ドッグフード以外にニオイの強い食べ物を与えているなら、その食べ物が原因と考えられます。

また、開封して時間が経ったドッグフードは、劣化して臭いが変わることがあるため、口臭の原因になる場合があります。

劣化したドッグフードを食べると、健康被害につながるリスクもあるので注意が必要です。

他にも、与えているドッグフードが合っていない場合、消化機能のトラブルを招き、口臭を引き起こすケースもあります。

要注意!病院へ行くべき症状はコレ

ここでは、動物病院へ行くべき症状について紹介します。

酸っぱい口臭は胃腸に疾患がある可能性

酸っぱい口臭がするときは、胃腸に疾患がある可能性があります。

とくに、胃炎を患っている場合は胃酸が過剰に分泌されるため、酸っぱい口臭が出やすいです。

胃腸の疾患があると、口臭の他に、胃液を吐き出す、食欲がない、下痢などの症状が現れることがあります。

アンモニアに似た口臭は腎臓や肝臓に疾患がある可能性

代謝や排泄に関わる腎臓や肝臓の機能が低下すると、老廃物が排出されなくなり、毒素が体の中に溜まってアンモニアに似た口臭が出ることが多いです。

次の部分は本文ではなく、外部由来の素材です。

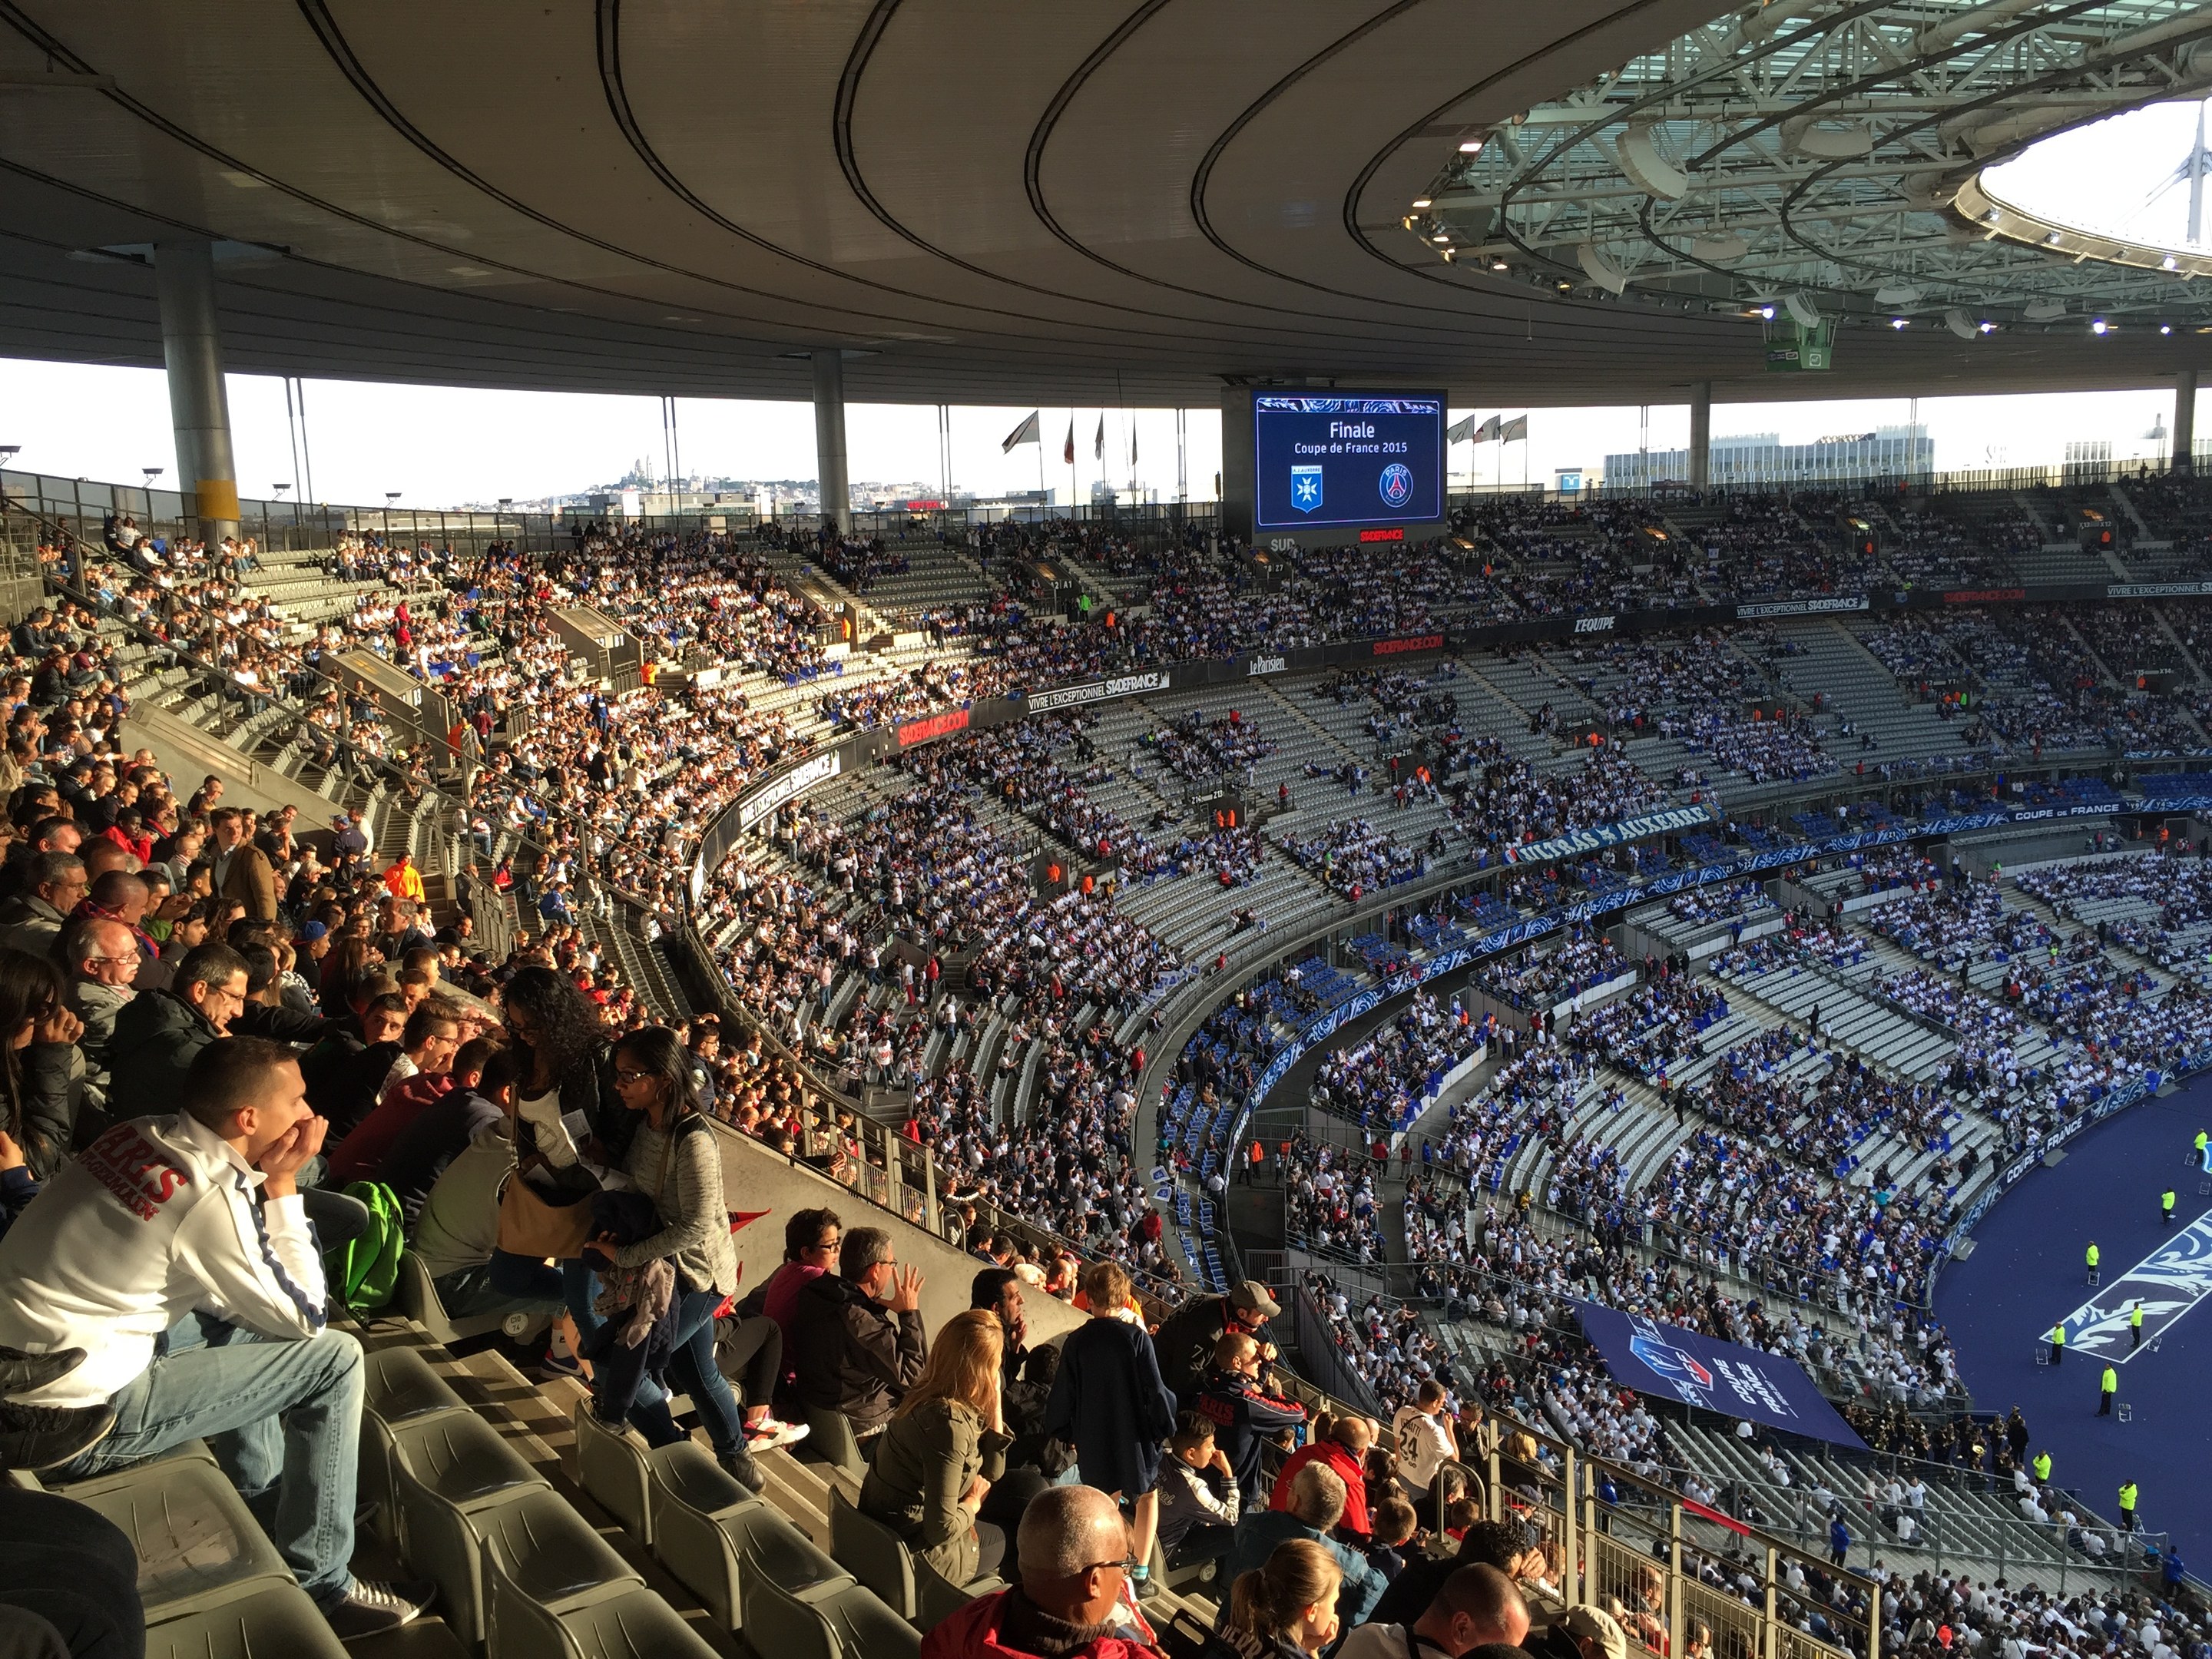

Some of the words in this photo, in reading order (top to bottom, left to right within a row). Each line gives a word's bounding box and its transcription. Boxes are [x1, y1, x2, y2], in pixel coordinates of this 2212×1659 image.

[1330, 421, 1375, 439] Finale
[1294, 442, 1326, 455] Coupe
[1330, 442, 1343, 453] de
[1346, 442, 1379, 453] France
[1382, 442, 1408, 453] 2015
[1385, 466, 1408, 477] PARIS
[1063, 580, 1072, 589] A1
[2107, 586, 2131, 596] VIVRE
[2133, 584, 2200, 595] L'EXCEPTIONNEL
[1737, 607, 1756, 617] VIVRE
[1756, 603, 1807, 615] L'EXCEPTIONNEL
[1257, 655, 1285, 674] Parisien
[1028, 696, 1049, 711] VIVRE
[1049, 686, 1105, 707] L'EXCEPTIONNEL
[2015, 809, 2054, 821] COUPE
[2071, 803, 2120, 816] FRANCE
[1520, 831, 1600, 862] ULTRAS
[1617, 806, 1710, 841] AUXERRE
[2006, 1151, 2035, 1184] COUPE
[2047, 1116, 2083, 1151] FRANCE
[1675, 1351, 1707, 1385] FFF
[1712, 1357, 1757, 1406] COUPE
[1736, 1361, 1788, 1416] FRANCE
[1741, 1378, 1755, 1392] DE
[1399, 1431, 1419, 1462] 24

腎臓や肝臓に異常がある場合は、嘔吐、多飲多尿、下痢、痙攣、食欲不振などの症状が現れることもありますが、症状があるときは悪化している可能性があるので注意が必要です。

体重減少やヨダレの増加は糖尿病の可能性

糖尿病は膵臓から分泌されるインスリンが不足したり作用しなくなったりすることで、血液中の糖をエネルギー源として利用できなくなり、さまざまな症状が起こる病気です。

主な症状は体重減少やヨダレの増加、嘔吐、多飲多尿、食欲不振、下痢などで、甘酸っぱい口臭がするのも特徴です。

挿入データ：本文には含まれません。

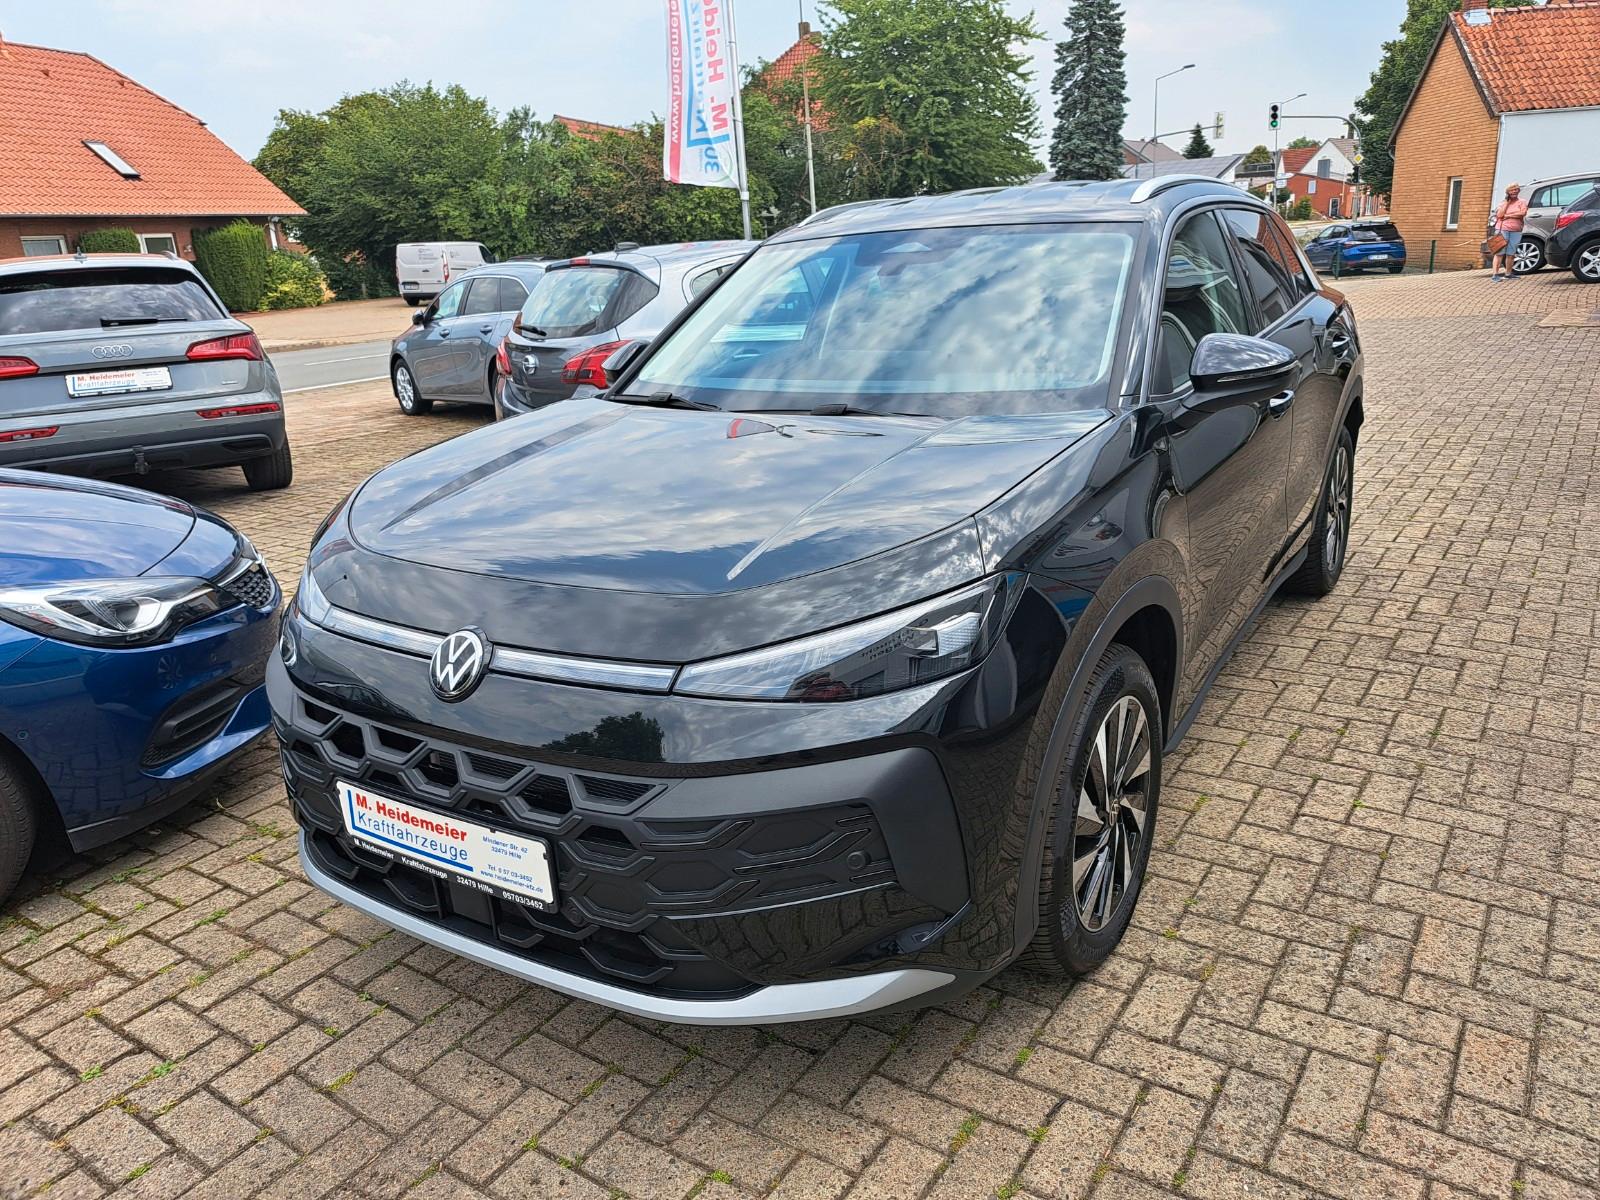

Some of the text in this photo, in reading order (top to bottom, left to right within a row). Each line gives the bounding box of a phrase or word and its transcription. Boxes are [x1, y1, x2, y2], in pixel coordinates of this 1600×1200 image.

[431, 632, 482, 694] VW
[356, 793, 467, 842] M. Heidemeier
[357, 811, 468, 861] Kraftfahrzeuge
[482, 835, 508, 848] Mindener
[509, 843, 519, 851] Str.
[491, 846, 522, 860] 32479 Hille
[361, 841, 395, 860] Heidemeier
[401, 856, 448, 879] Kraftfahrzeuge
[456, 875, 477, 889] 32479
[477, 882, 494, 894] Hille
[502, 890, 544, 910] 05703/3452

糖尿病は白内障や内臓疾患など合併症を引き起こしやすく、重症化すると命に関わることがあります。

【犬の口がくさい】口臭予防や対処法

ここでは、日常生活での口臭予防方法や、口臭があるときの対処方法について紹介します。

歯磨きを習慣化する

食べかすが残っていたり、歯垢が付いていたりすると口臭の原因となるため、歯磨きを習慣化して汚れを取り除いてあげましょう。

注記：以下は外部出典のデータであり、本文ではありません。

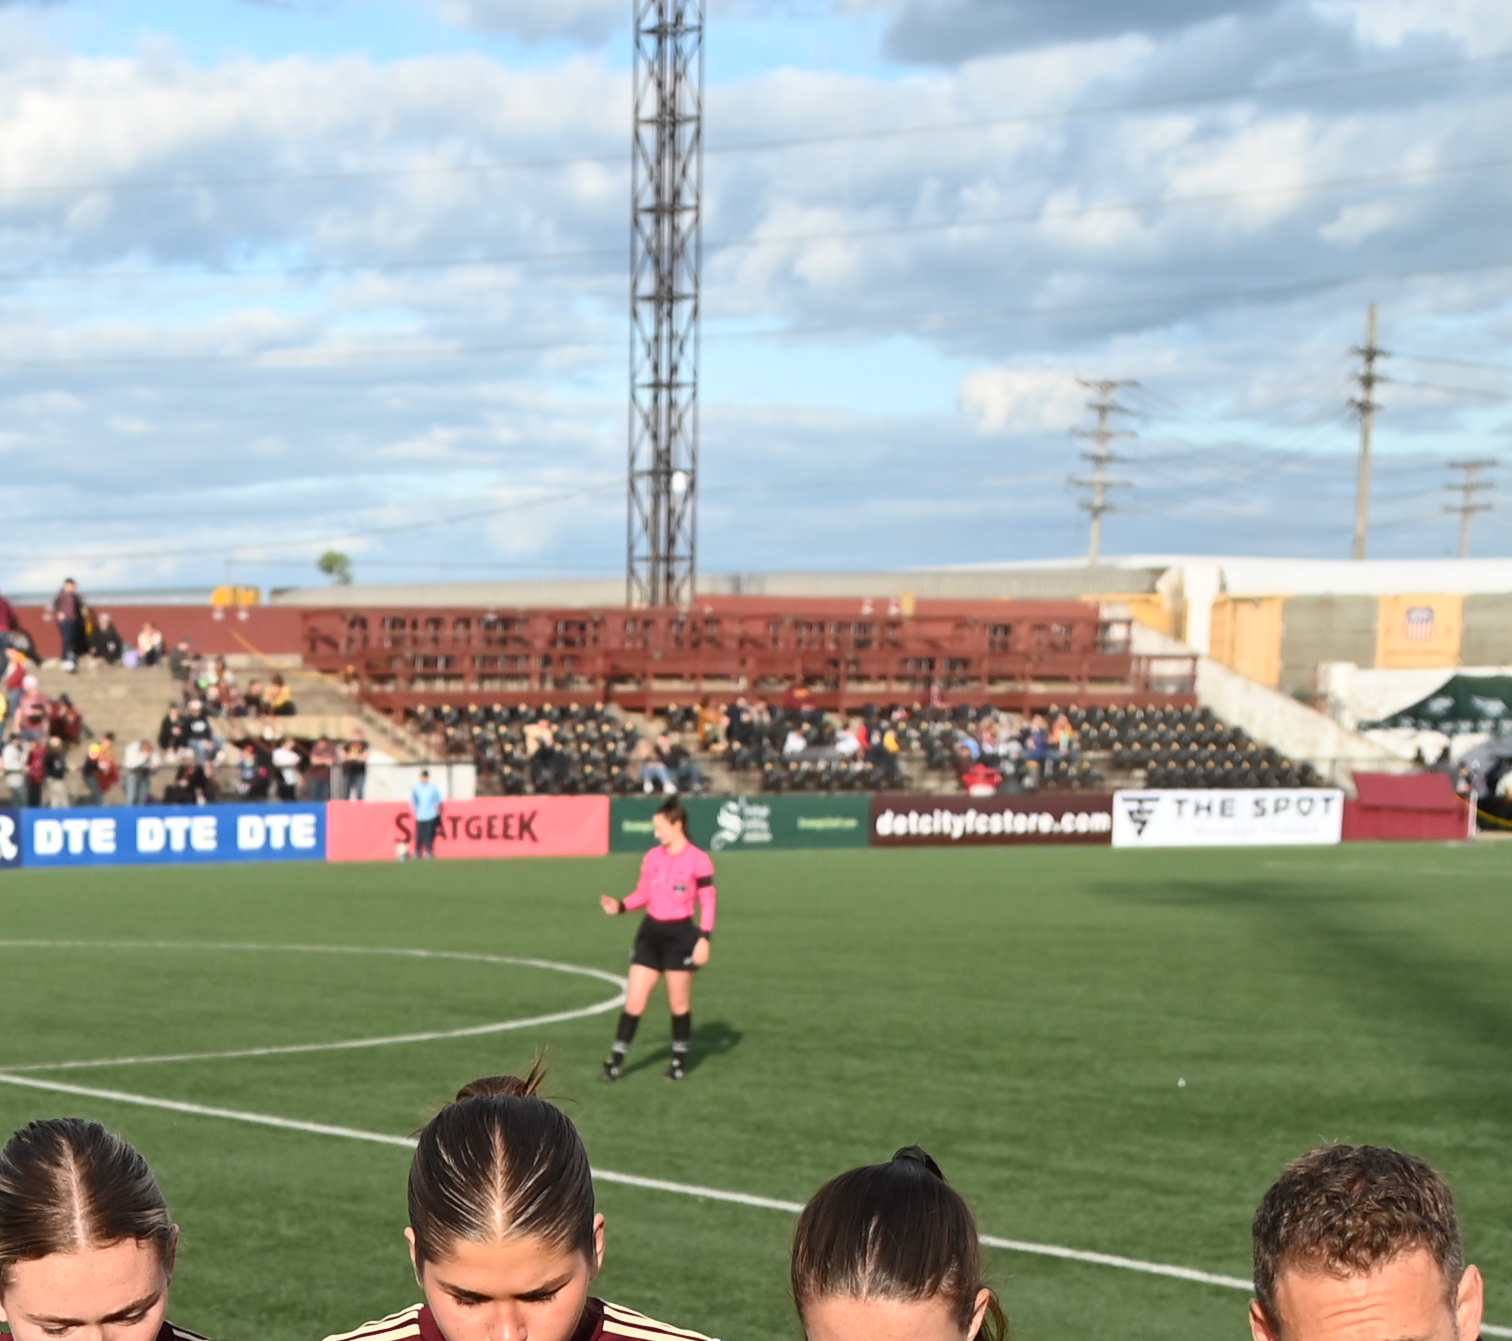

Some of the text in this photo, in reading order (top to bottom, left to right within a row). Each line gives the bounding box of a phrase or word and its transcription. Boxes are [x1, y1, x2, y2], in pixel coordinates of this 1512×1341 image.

[875, 808, 1112, 839] detcityfcstore.com
[1174, 796, 1335, 818] THE SPOT
[33, 813, 316, 855] DTE DTE DTE
[395, 810, 539, 845] SATGEEK

愛犬のデンタルケアは難しい場合もありますが、少しずつ慣らしていくと歯磨き習慣を作りやすくなります。

【基本の歯磨き方法】
  1. 口周りに優しくタッチする(頭や耳、顔から始めて、触ることに慣れさせるのがポイント)
  2. 口をめくって歯や歯ぐきにタッチする
  3. 歯磨きシートで歯や歯ぐきを優しくこする
  4. 歯ブラシに歯磨きジェルをつけて、軽い力で小刻みに動かして1本ずつ磨く

歯磨き嫌いにならないように、無理強いはせず、少しでもできたらご褒美を与えて褒めてあげましょう。

定期的に病院で歯石を除去する

歯石は歯垢が硬く変化したもので、歯の表面だけでなく歯と歯ぐきの境目にできることが多いです。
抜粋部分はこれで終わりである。